YOUR GOAL
Transcribe only what runs from the line including "this 1643×1632 image." through the last line of the entries, exactly as it appears.

(Free-text object descriptions)
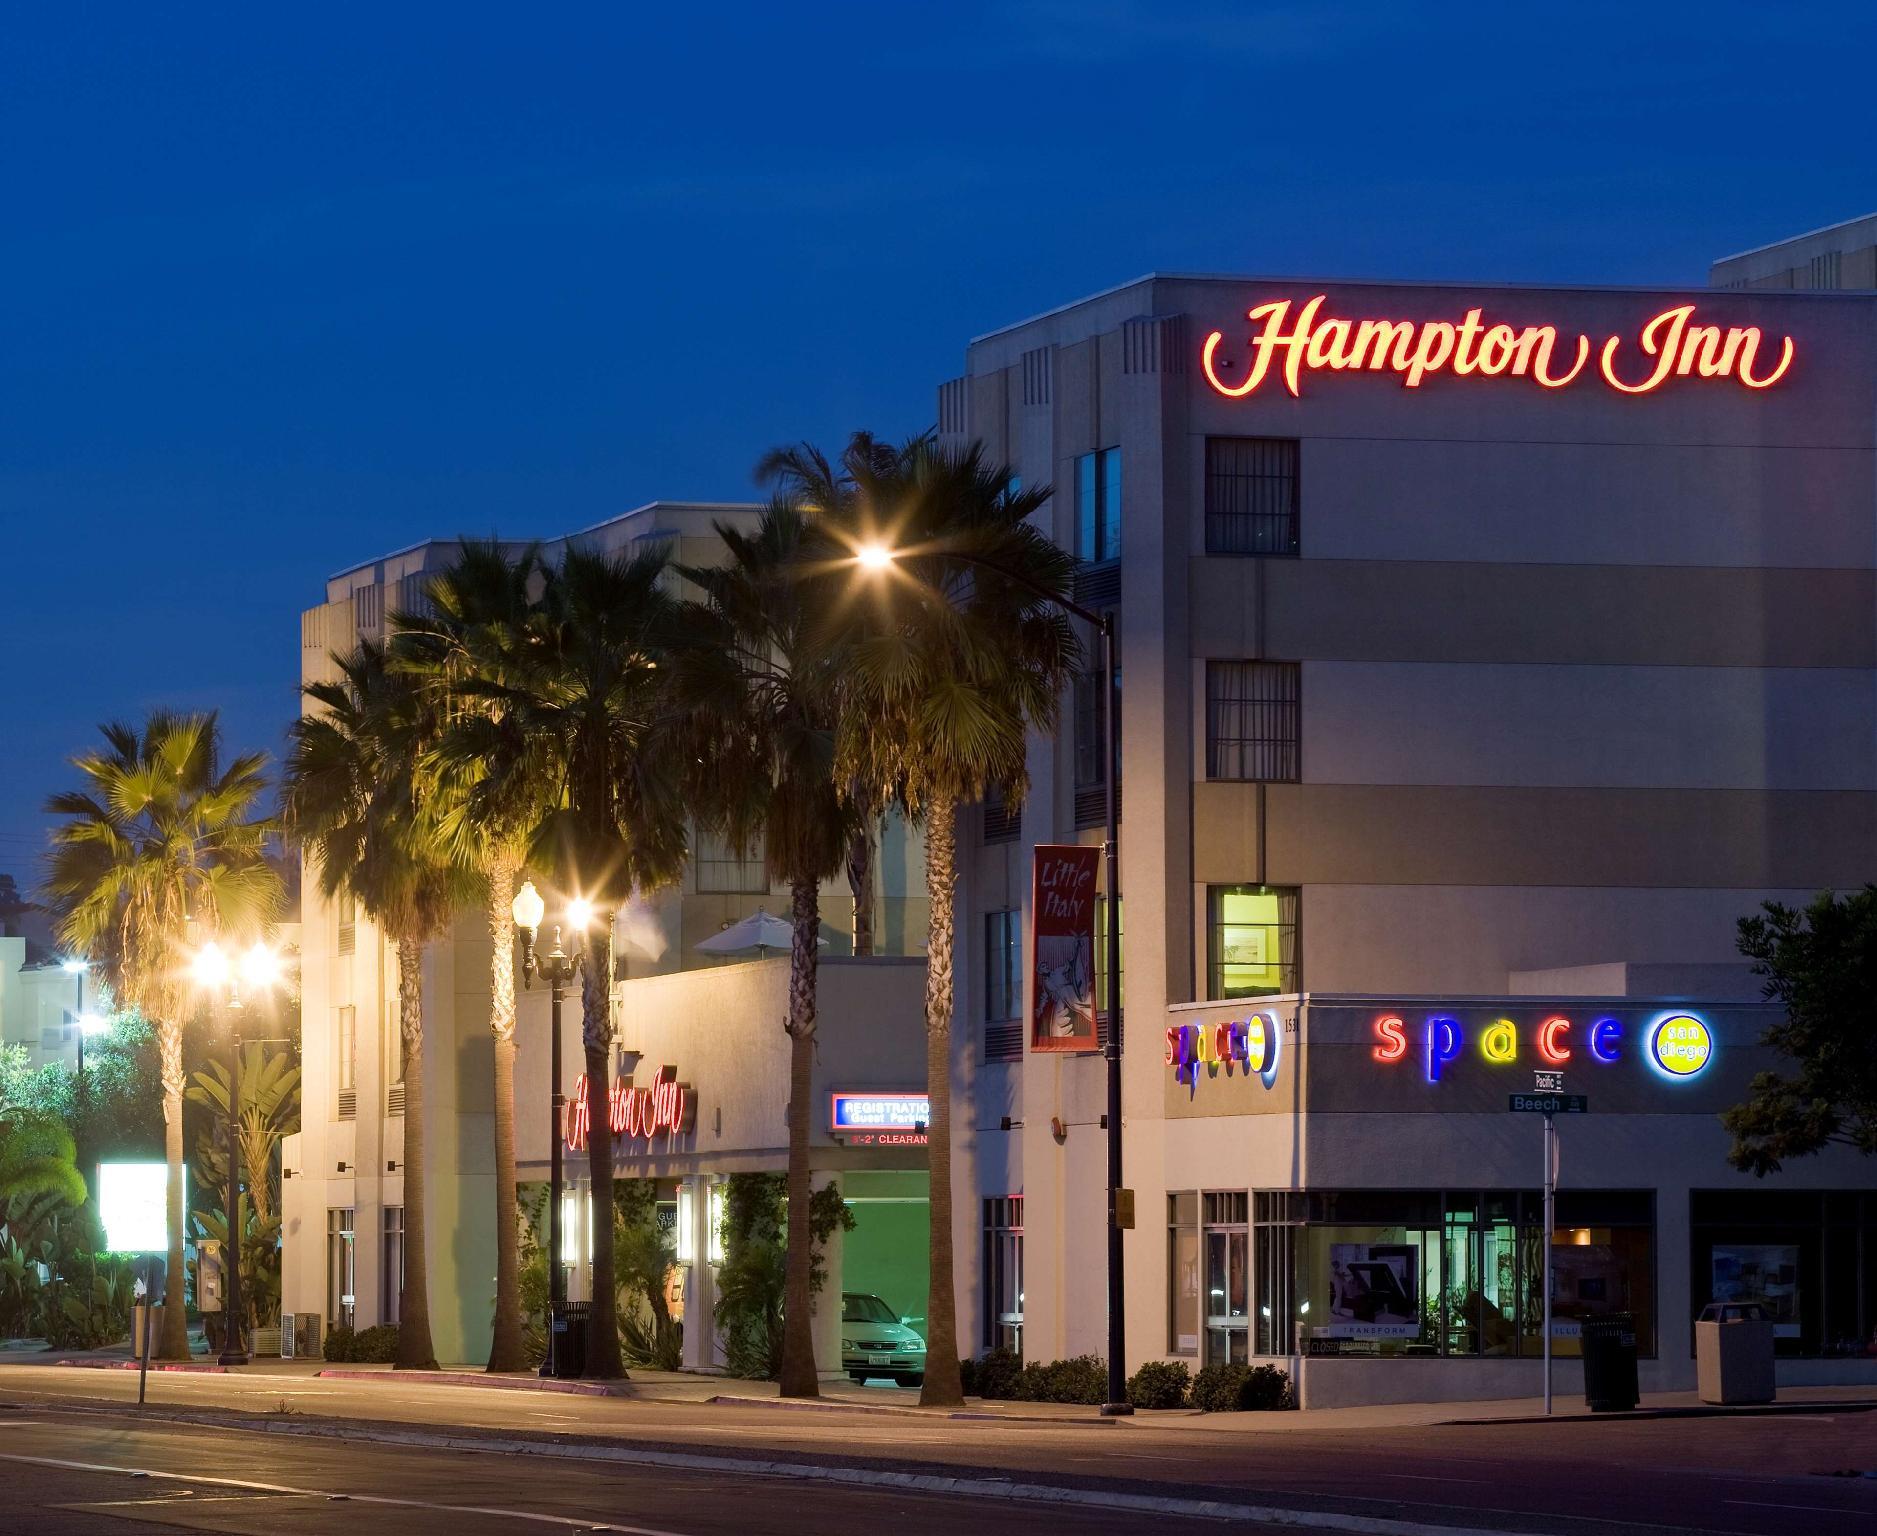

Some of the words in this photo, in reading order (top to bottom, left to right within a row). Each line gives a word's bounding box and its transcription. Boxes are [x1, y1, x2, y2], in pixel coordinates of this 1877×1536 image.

[1202, 294, 1591, 398] Hampton
[1600, 304, 1795, 393] Inn
[1041, 856, 1090, 888] Little
[1045, 887, 1085, 926] Italy
[1669, 1027, 1699, 1039] san
[1374, 1016, 1622, 1081] space
[1660, 1043, 1707, 1060] diego
[1535, 1074, 1555, 1089] Pacific
[642, 1064, 684, 1138] Inn
[845, 1102, 930, 1113] REGISTRATIO
[1514, 1096, 1560, 1110] Beech
[878, 1135, 928, 1144] CLEARAN
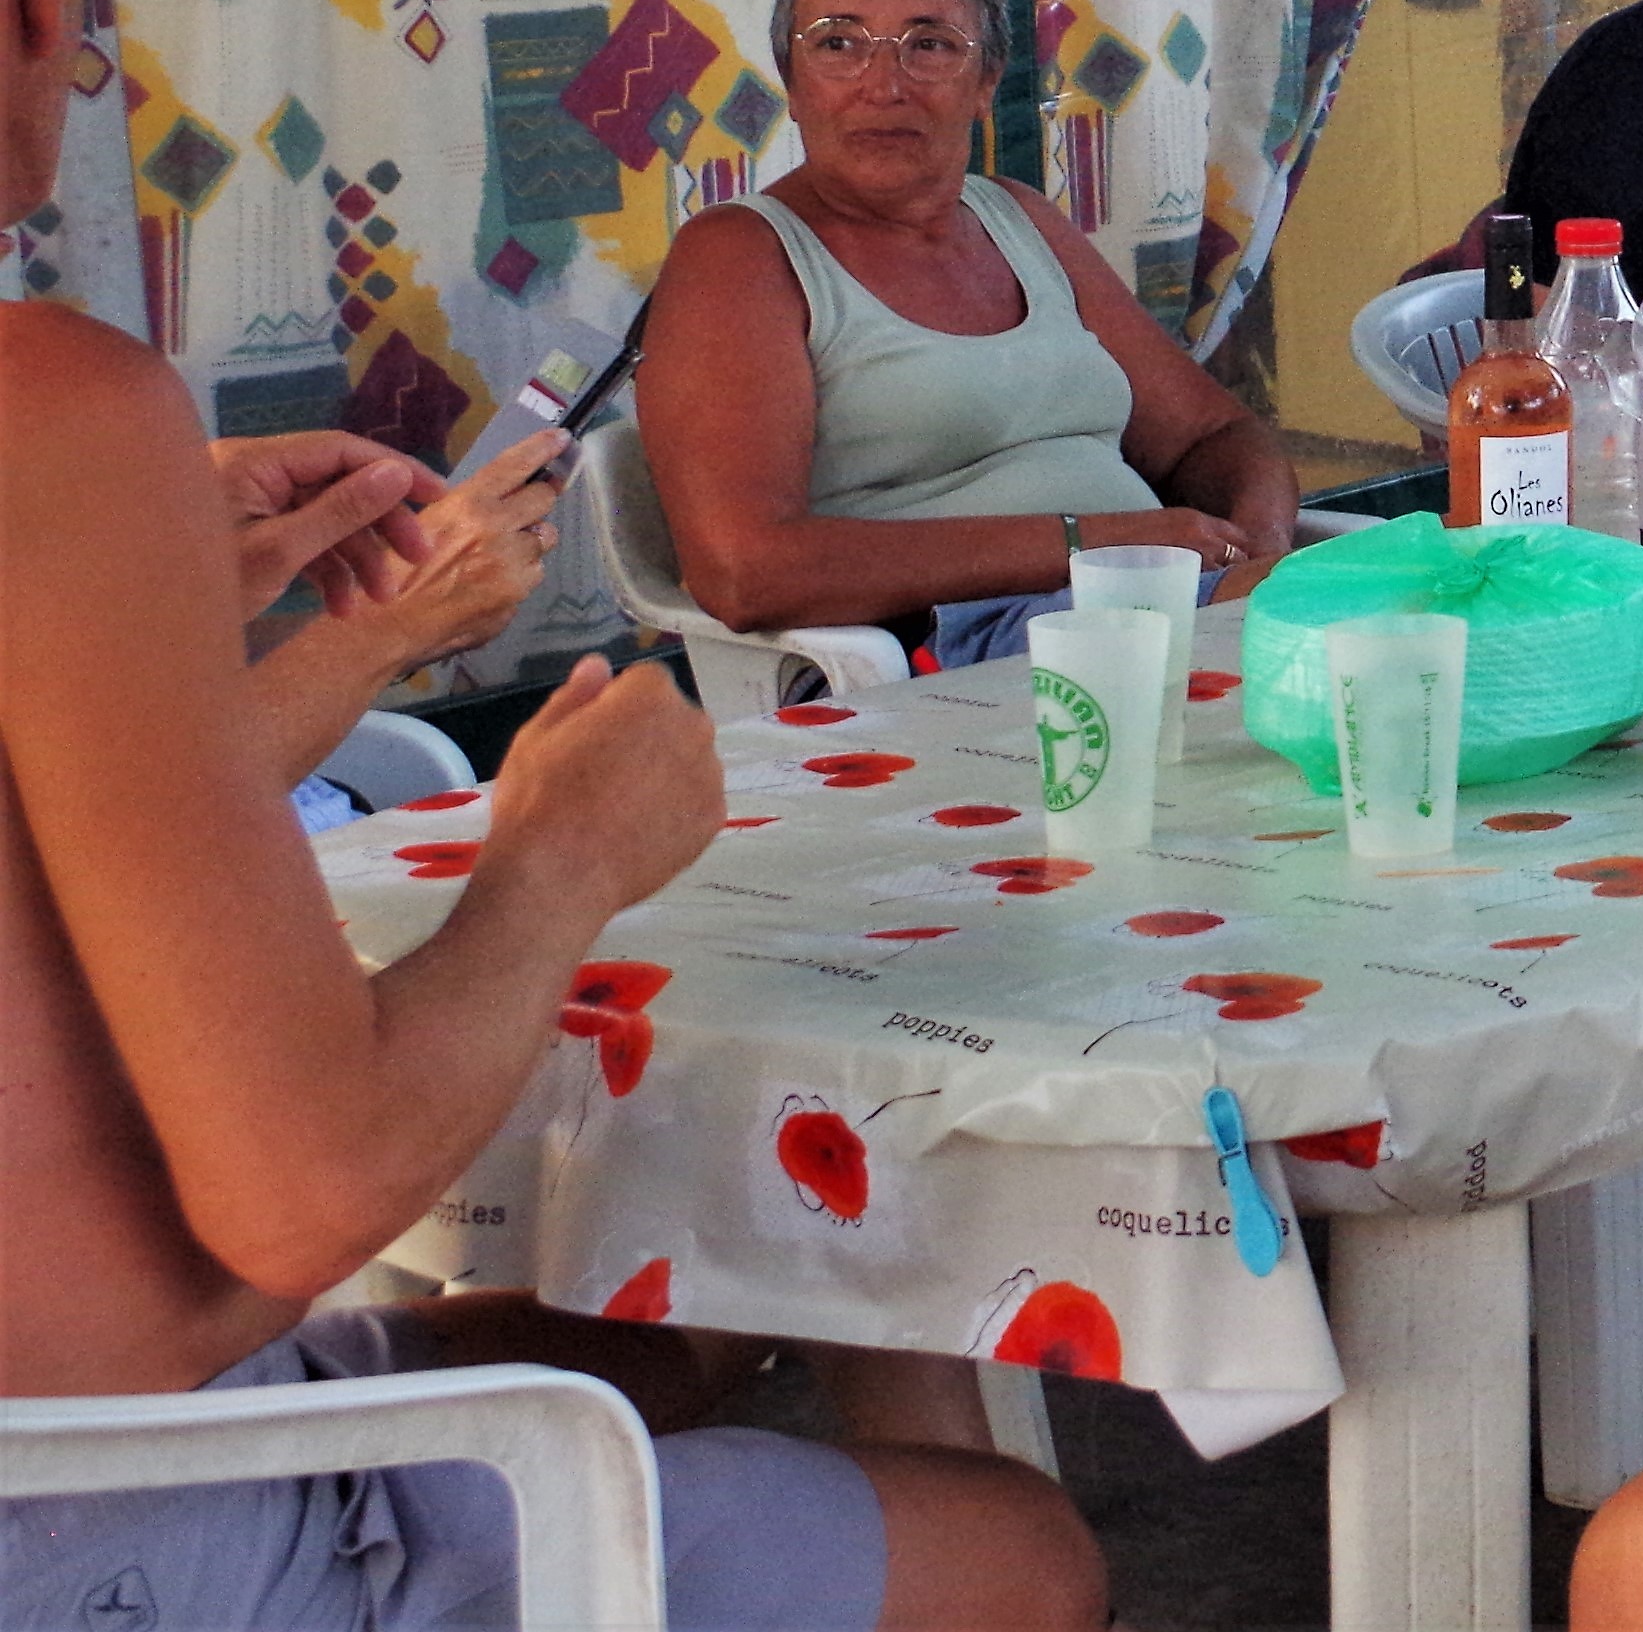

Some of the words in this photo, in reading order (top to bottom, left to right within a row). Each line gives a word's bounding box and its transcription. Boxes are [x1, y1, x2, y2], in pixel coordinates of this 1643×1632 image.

[1518, 470, 1541, 490] Les
[1490, 487, 1563, 518] Olianes
[882, 1010, 996, 1054] poppies

SOLUTION TO THE PROBLEM
Some of the words in this photo, in reading order (top to bottom, left to right within a row). Each line gives a word's bounding box and its transcription. Boxes are [x1, y1, x2, y2], in pixel coordinates of this 1643×1632 image.

[1518, 470, 1541, 490] Les
[1490, 487, 1563, 518] Olianes
[882, 1010, 996, 1054] poppies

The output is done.